Now about full/limited color range. In "full" color range, the numbers from 0..255 are used to represent color values. In "limited" color range, the numbers from 16..235 are used for the same range, so the colors look a little bit more banded, but only if you look very thoroughly.
Almost all videos you see on Youtube and every other video streaming service are in sdr (8 bit) color depth, and Youtube recodes every sdr video to limited color range. You will not really notice the difference between full and limited. The reason for limited color range is data compression. Limited can be better compressed, so more bandwidth is available for all pixels in general, so the overall quality is usually improved over full color range. At least with the rather small bandwidth of video streaming services. Might be surprising, but that's the case.

Finally, and that's about how using limited mode fixed your issue: limited is the default for all media. Proper detection of full color range is not supported by all media players, and it's also dependent on the encoder. So it happens full colors are often falsely interpreted as limited colors by media players, and this results in video being too dark and too bright at the same time, because the lowest 16 colors and the highest 16 colors are simply thrown away.

10 bit color depth for display means hdr ("high dynamic range") mode. That's rather new and only a few apps actually output hdr. A few games, not much more. It's a display mode you can show a much wider brightness range. The sun on a hdr video will really look bright on a hdr monitor, much brighter than a lightbulb. The way a hdr color value is stored as a number is fundamentally different to how it is in sdr mode.

However, chances are good you never saw hdr content on your PC except perhaps the short demo video you can watch if you look at the Windows hdr settings. Even if you activate hdr in Windows, all content from all your apps will not magically change to hdr. Only apps explicitly outputting hdr will really be hdr. Everything else will still output sdr, scaled to hdr, which looks awfully pale and somewhat faded and covered with a white haze. So you will continue to run Windows in sdr mode and record with 8 bit color depth as long as you don't actually want to run an app that really creates hdr images.
Thx for the reply,
I do have a HDR10+ oled monitor and play games like star citizen and helldivers2 that are hdr capable and also watch movies in hdr so being capable on recording in hdr is pretty important to me.

I understand the difference between 8 and 10bit, 256 and 1024 lever of rgb.
I also understand how limited and full works but only in 8bit (16-235 like you said) environments.
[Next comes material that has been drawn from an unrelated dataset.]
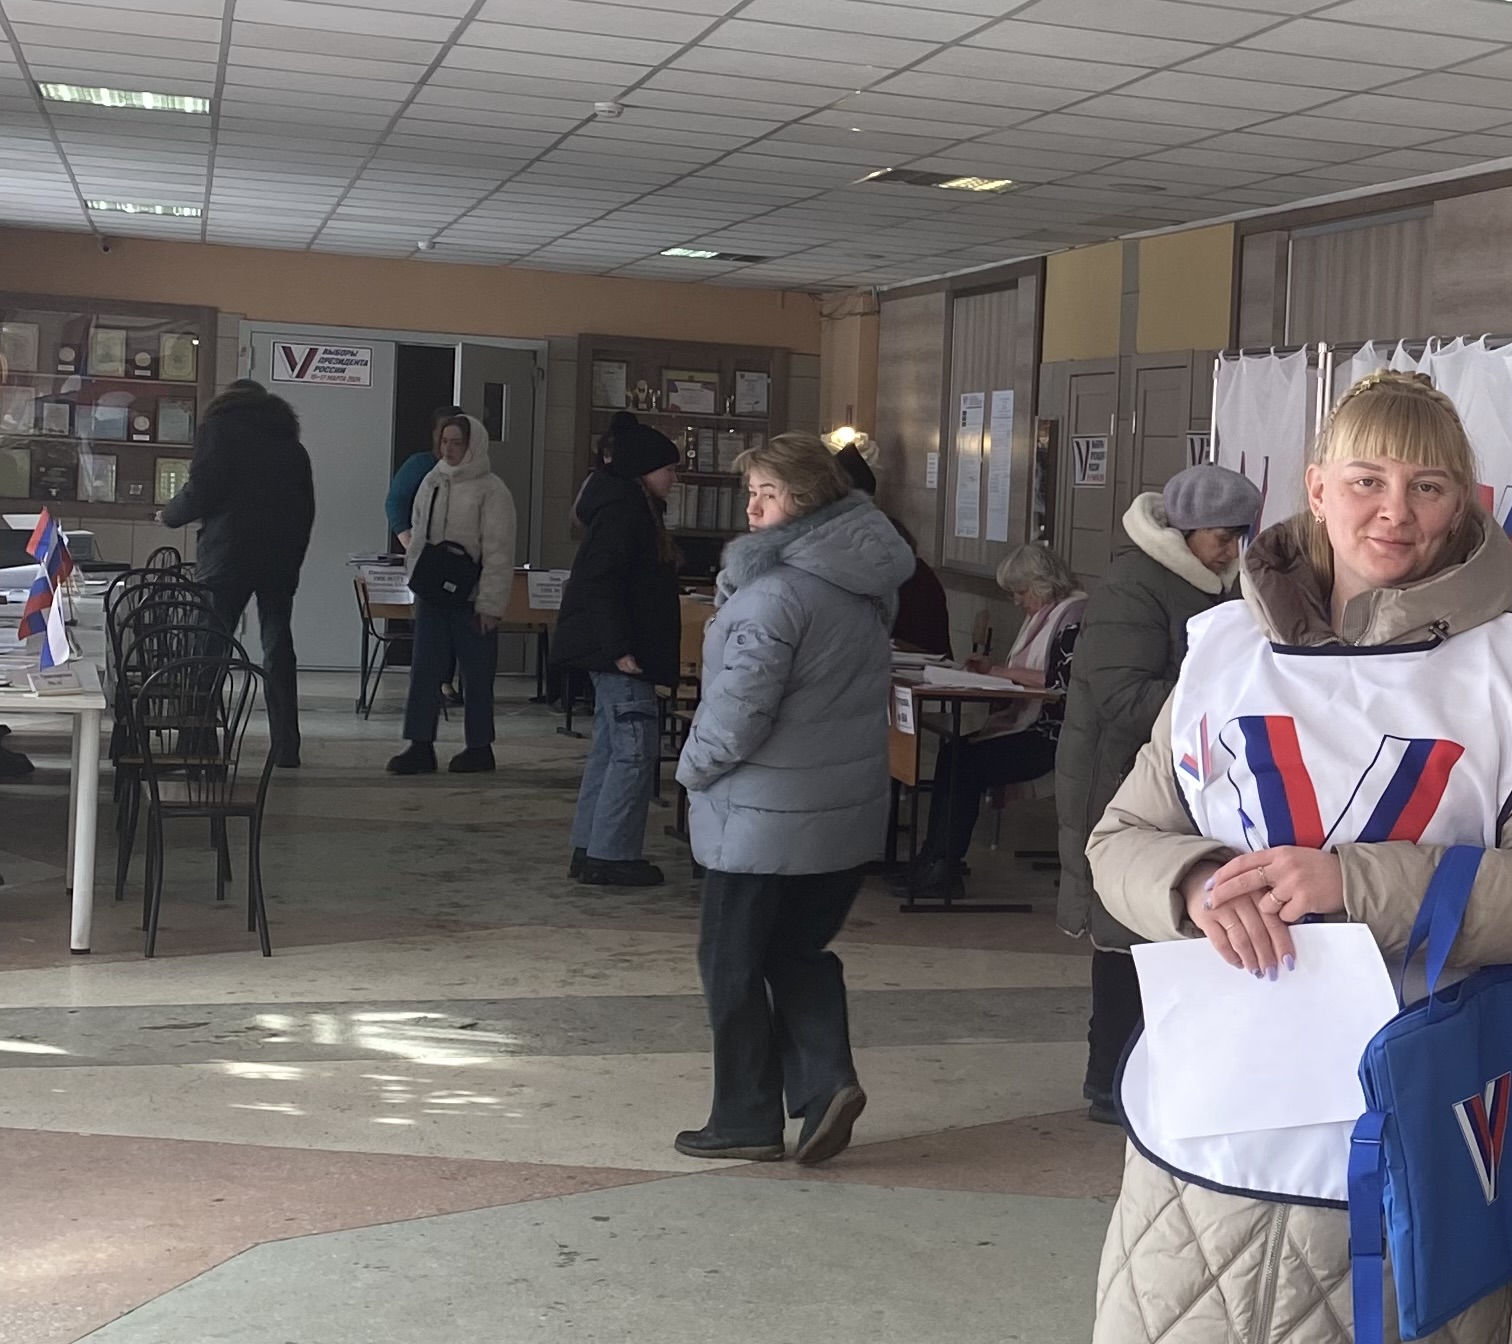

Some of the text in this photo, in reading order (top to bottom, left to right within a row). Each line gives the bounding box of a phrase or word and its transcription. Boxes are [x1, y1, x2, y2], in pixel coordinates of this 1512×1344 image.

[322, 348, 359, 357] ВЫБОРЫ
[318, 357, 369, 367] ПРЕЗИДЕНТА
[313, 366, 347, 374] РОССИИ
But how does it works in 10 bit ?

I still don’t understand how setting the recording in 10bit limited give me the exact render I see on my screen in 10 bit full
 

Suslik V

Active Member
Limited range, in numbers, for luma plane pixels:
10-bit colors will be 64..940 (instead of 0..1023);
12-bit colors will be 256..3760 (instead of 0..4095);
16-bit colors will be 4096..60160 (instead of 0..65535) or 56065 gradations of luma component.
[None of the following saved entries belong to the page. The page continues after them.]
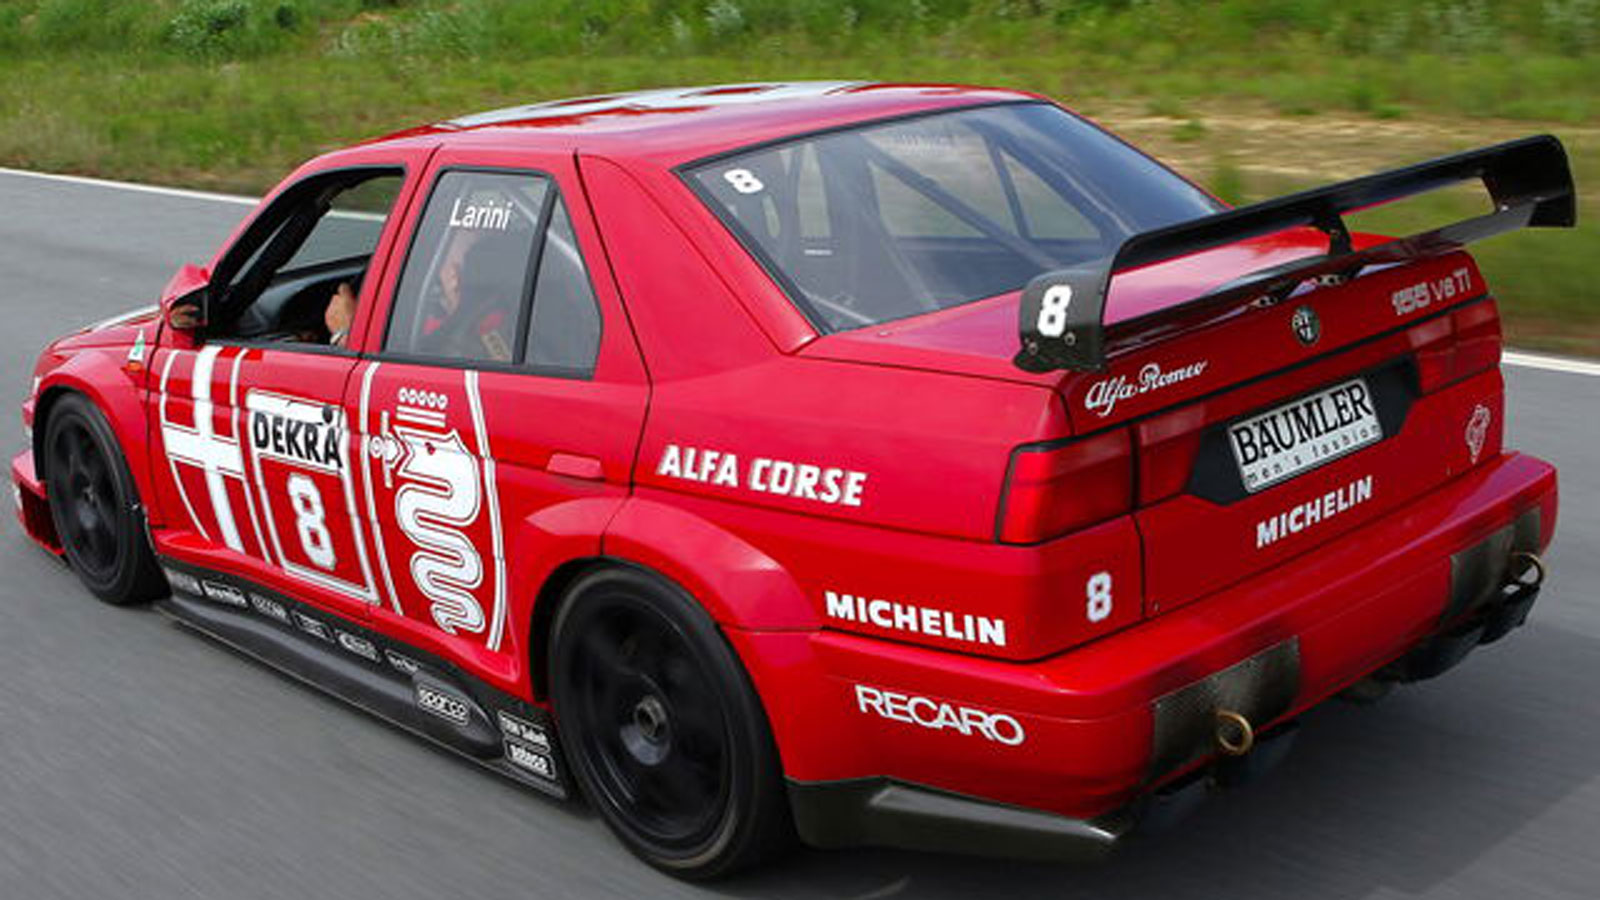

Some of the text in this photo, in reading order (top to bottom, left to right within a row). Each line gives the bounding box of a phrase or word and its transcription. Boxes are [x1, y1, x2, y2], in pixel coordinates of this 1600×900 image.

[724, 169, 764, 193] 8
[450, 198, 513, 231] Larini
[1037, 285, 1072, 337] 8
[1085, 362, 1208, 418] Alfa Romeo
[253, 411, 343, 469] DEKRA
[1233, 383, 1373, 465] BÄUMLER
[1312, 423, 1379, 458] fashion
[656, 444, 868, 507] ALFA CORSE
[287, 472, 336, 571] 8
[1256, 475, 1373, 549] MICHELIN
[825, 590, 1006, 646] MICHELIN
[1085, 570, 1112, 623] 8
[855, 684, 1025, 746] RECARO
If display device is "Full range", then transformation "Limited range" -> "Full range" will be done on the fly by media player (or by other software, for example OBS uses own shaders to convert between ranges and color spaces on the fly, this makes possible to place OBS preview windows on different display devices). Visually, this transformation "stretches" 64..940 to 0..1023, and fills the gaps (algorithms may vary).

Visual representation of ranges can also be done with free tools (FFmpeg histogram):

If you watching HDR TV shows, you likely watching Limited range videos - in FFmpeg notation it is "yuv420p10le (tv)" format or similar.